For that matter much of the same life can be found to-day in the remoter regions, and I have known young men brought up to this kind of life, who (within my recollection) have, as a matter of course, done all the farm work of good-sized cultivated farms with live stock, cut and hauled wood from their wood-lots, done a good deal of sea-fishing and salting down and drying of fish, tended and mended their fish-nets, weirs, and lobster-traps, and sailed or rowed twenty-five miles to market with their produce and back again with their supplies. They also built their sheds, barns, and houses, and part of their furniture, their dories, big scows, and capital sailboats; made their own oars and rigged their boats; made many of their farm tools and implements; built their waggons and "ironed" them, their ox-sleds and small sleds, and shod them; made some of their tools; did their own blacksmithing, mason-work, brick-laying, and painting; made their own shoes, and did I do not know how many other odd jobs—all with but a limited supply of common hand-tools. This work did not interfere with their going to school through the winter months until they were twenty-one years old, and they still found time for the usual recreations of the period.
Now a young man must have been pretty well developed after going through all that, even if he did not know much about Greek or calculus or was lacking in superficial polish. And it is only the truth to say that quite a number used to tackle the higher branches of study too, with success made all the more assured by their development in other ways, and many, in addition to all this, paid their way through college by teaching or other work. How did they do so much? Partly, I suppose, because their life was so much simpler and less complex than ours. They did not have so many wants and there were not so many interests to distract their minds. Partly because when they wanted something they knew they must make it or go without. They did not draw so much as we do now, but they did a great deal of observing. They examined things like what they were to make and asked questions, and, knowing that where they had so much to do they could not afford to keep trying things again and again, they learned from their relatives and neighbours what was considered the best way to do their work, and having thought it out carefully they went at it with great energy.
To-day we have only to go to a large factory to see a man standing before some machine and doing some simple piece of work, requiring but little thought—the same thing over and over again, hour after hour, day after day, year after year, until he seems to become almost a part of the machine itself, and is not fitted for doing much else. That is the other extreme. Of course we get things cheaper (even if they do not last so long) because of the factory; but how about the workman? Which of these two types is the better-developed man? First you want to be well-developed all-round boys, so that you will not become machines or badly one-sided men. After that—each to his special bent, of course.

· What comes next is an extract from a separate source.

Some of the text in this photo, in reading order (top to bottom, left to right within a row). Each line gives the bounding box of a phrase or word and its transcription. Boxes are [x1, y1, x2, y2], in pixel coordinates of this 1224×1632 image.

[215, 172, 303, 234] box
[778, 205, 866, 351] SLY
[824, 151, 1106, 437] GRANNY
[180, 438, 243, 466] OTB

Now because we no longer cut down trees ourselves, haul them to the mill to be sawed, or rive or saw or hew them ourselves, leave the wood to season, and then laboriously work it up into whatever we have to make—because we no longer do that, but go instead to a lumber-yard and a mill and have a large part of the work done for us—it is a good thing for us to pause a moment before we begin our work to take in the fact that all the advantage is not with us now, and to think what a capital gymnasium that former life was for strengthening a boy's muscle and mind, not to speak of his morals.
You could not go back to those days now if you wished to, of course (except, perhaps, when you go to some of the remoter regions in vacation), and you are doubtless better off for all the advantages you have now and for all our time-saving contrivances, but the advantage depends partly on how you use the time saved from their laborious tasks, does it not? You can, however, get inspiration from the example of those older boys and from some of their methods, and can put their self-reliant, manly zeal, grit, and perseverance into your work, and have a capital time making the things and more sport and satisfaction afterwards for having made them.

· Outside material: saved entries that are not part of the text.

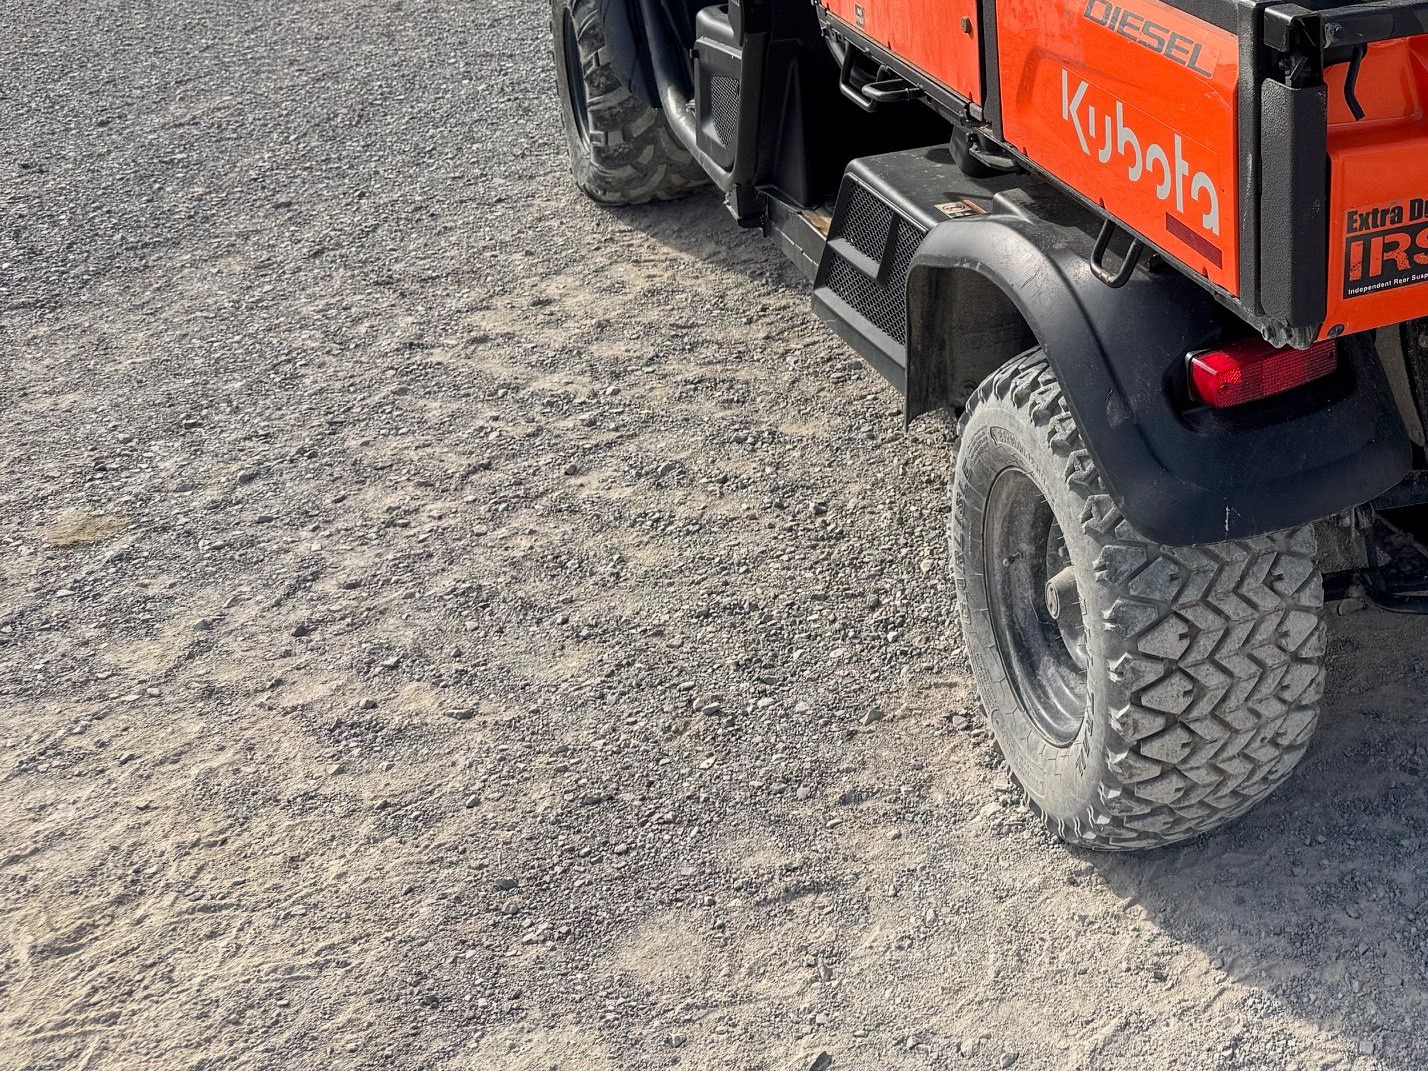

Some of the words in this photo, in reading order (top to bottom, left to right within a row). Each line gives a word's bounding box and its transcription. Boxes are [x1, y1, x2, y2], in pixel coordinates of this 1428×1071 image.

[1062, 68, 1220, 237] Kubota
[1347, 205, 1404, 235] Extra
[1348, 279, 1392, 295] Independent
[1393, 276, 1410, 285] Rear
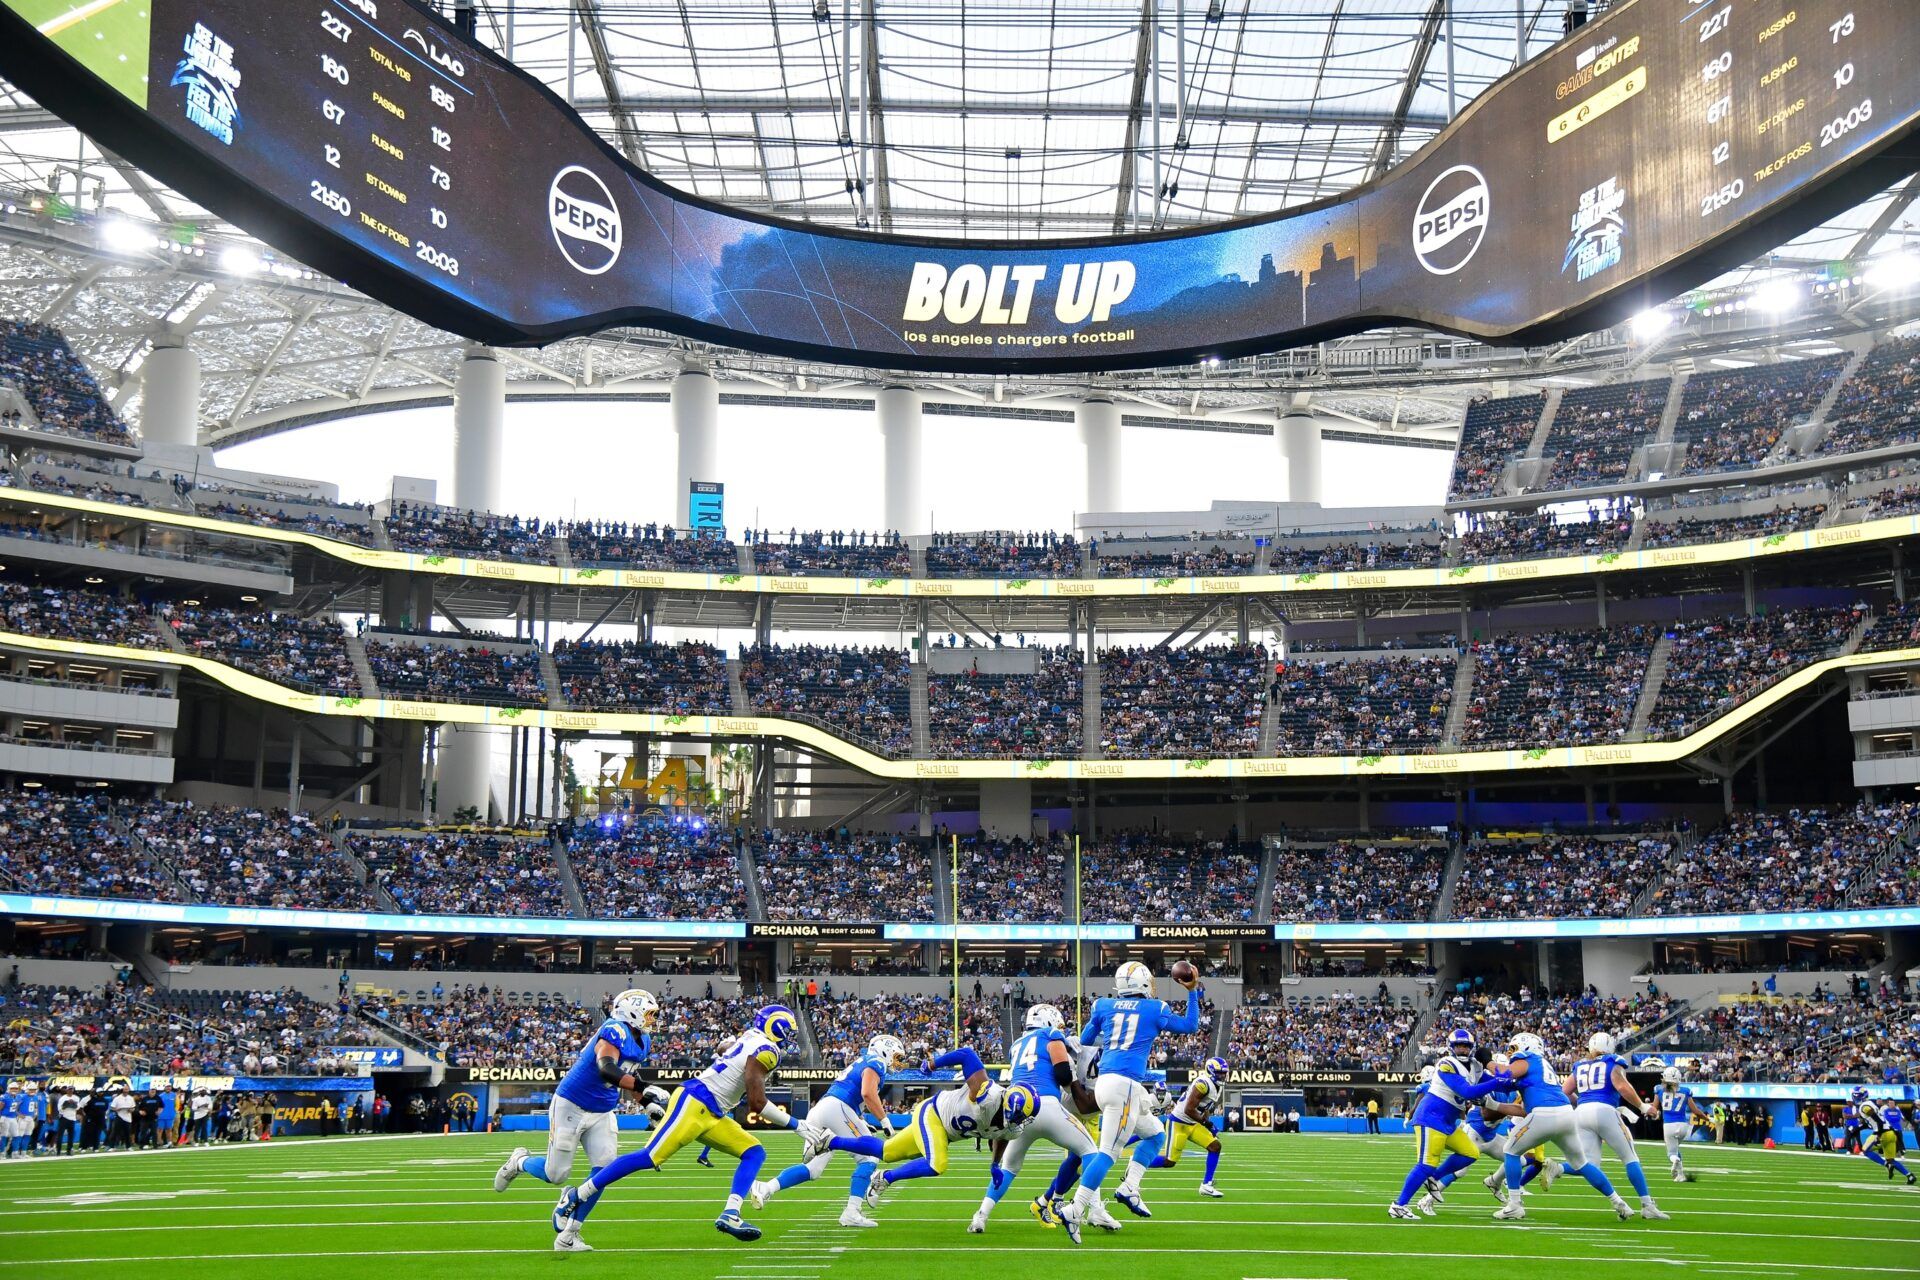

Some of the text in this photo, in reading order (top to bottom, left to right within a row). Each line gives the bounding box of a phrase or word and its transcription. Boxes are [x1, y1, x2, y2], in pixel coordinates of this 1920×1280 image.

[320, 10, 352, 43] 227
[1700, 5, 1732, 43] 227
[1759, 11, 1796, 43] PASSING
[1828, 13, 1855, 44] 73
[321, 54, 349, 85] 160
[369, 47, 412, 82] TOTAL YDS
[430, 44, 465, 77] LAC
[1556, 36, 1640, 100] GAME CENTER
[1702, 51, 1733, 83] 160
[1760, 56, 1798, 88] RUSHING
[1833, 63, 1854, 90] 10
[372, 92, 405, 120] PASSING
[429, 85, 455, 113] 185
[1707, 96, 1731, 124] 67
[323, 99, 345, 125] 67
[1757, 98, 1805, 135] 1ST DOWNS
[1820, 99, 1873, 148] 20:03
[371, 133, 404, 160] RUSHING
[431, 126, 451, 151] 112
[325, 144, 341, 169] 12
[1712, 141, 1729, 166] 12
[429, 165, 450, 190] 73
[1754, 164, 1774, 182] TIME
[1774, 155, 1787, 171] OF
[366, 173, 407, 204] 1ST DOWNS
[360, 212, 377, 230] TIME
[377, 222, 388, 234] OF
[431, 208, 447, 229] 10
[555, 196, 616, 243] PEPSI
[1419, 196, 1483, 243] PEPSI
[416, 241, 459, 276] 20:03
[903, 260, 1136, 325] BOLT UP
[904, 329, 1134, 347] los angeles chargers football
[1816, 529, 1861, 544] PACIFICO
[1653, 551, 1695, 564] PACIFICO
[476, 562, 515, 577] PACIFICO
[626, 573, 664, 586] PACIFICO
[1347, 575, 1386, 586] PACIFICO
[1499, 565, 1538, 577] PACIFICO
[770, 578, 808, 592] PACIFICO
[915, 582, 952, 594] PACIFICO
[1057, 582, 1095, 594] PACIFICO
[1202, 580, 1240, 593] PACIFICO
[392, 703, 437, 719] PACIFICO
[555, 713, 598, 728] PACIFICO
[717, 719, 759, 732] PACIFICO
[1413, 757, 1458, 769] PACIFICO
[1585, 748, 1632, 761] PACIFICO
[916, 762, 959, 776] PACIFICO
[1080, 763, 1124, 776] PACIFICO
[1244, 761, 1287, 774] PACIFICO
[620, 756, 688, 804] LA
[753, 925, 819, 936] PECHANGA
[1142, 927, 1208, 938] PECHANGA
[631, 997, 643, 1007] 73
[1113, 1000, 1139, 1011] PEREZ
[1109, 1012, 1140, 1051] 11
[1010, 1036, 1038, 1077] 74
[469, 1067, 556, 1081] PECHANGA
[658, 1069, 703, 1079] PLAY YO
[776, 1069, 841, 1079] OMBINATION
[1278, 1073, 1314, 1081] RSORT
[1316, 1073, 1351, 1081] CASINO
[1378, 1073, 1422, 1082] PLAY YO
[1576, 1061, 1607, 1093] 60
[1662, 1092, 1686, 1112] 87
[1246, 1107, 1271, 1127] 40

This book does not try to show you a royal road or a short cut to proficiency in architecture, carpentry, cabinet-making, boat-building, toy-making, or any other art or science. It does not aim to cram you with facts, but merely to start you in the right way. It is for those of you who want to take off your coats, roll up your sleeves, and really make things, rather than sit down in the house and be amused and perhaps deluded by reading enthusiastic accounts of all the wonders you can easily do—or which somebody thinks you would like to be told that you can do. It is for those of you who do not wish to have your ardour dampened by finding that things will not come out as the book said they would, or that the very things you do not know and cannot be expected to know are left out.
It does not aim to stir up your enthusiasm at first and then perhaps leave you in the lurch at the most important points. I take it for granted that if you have any mechanical bent or interest in making things, as most boys have, and are any kind of a real live boy, you have the enthusiasm to start with without stirring up. In fact, I have even known boys, and possibly you may have, who, strange as it may seem, have had so much enthusiasm to make something or other that they have actually had to be held back lest they should spoil all the lumber within reach in the effort to get started!
What you want is to be told how to go to work in the right way—how to make things successfully and like a workman—is it not? Then, if you mean business, as I feel sure you do, and really want to make things, read the whole book through carefully, even if it is not bristling with interesting yarns and paragraphs of no practical application to your work. You will not find everything in it, but you cannot help learning something, and I hope you will find that it attends strictly to the business in hand and will give you a start in the right direction,—which is half the battle.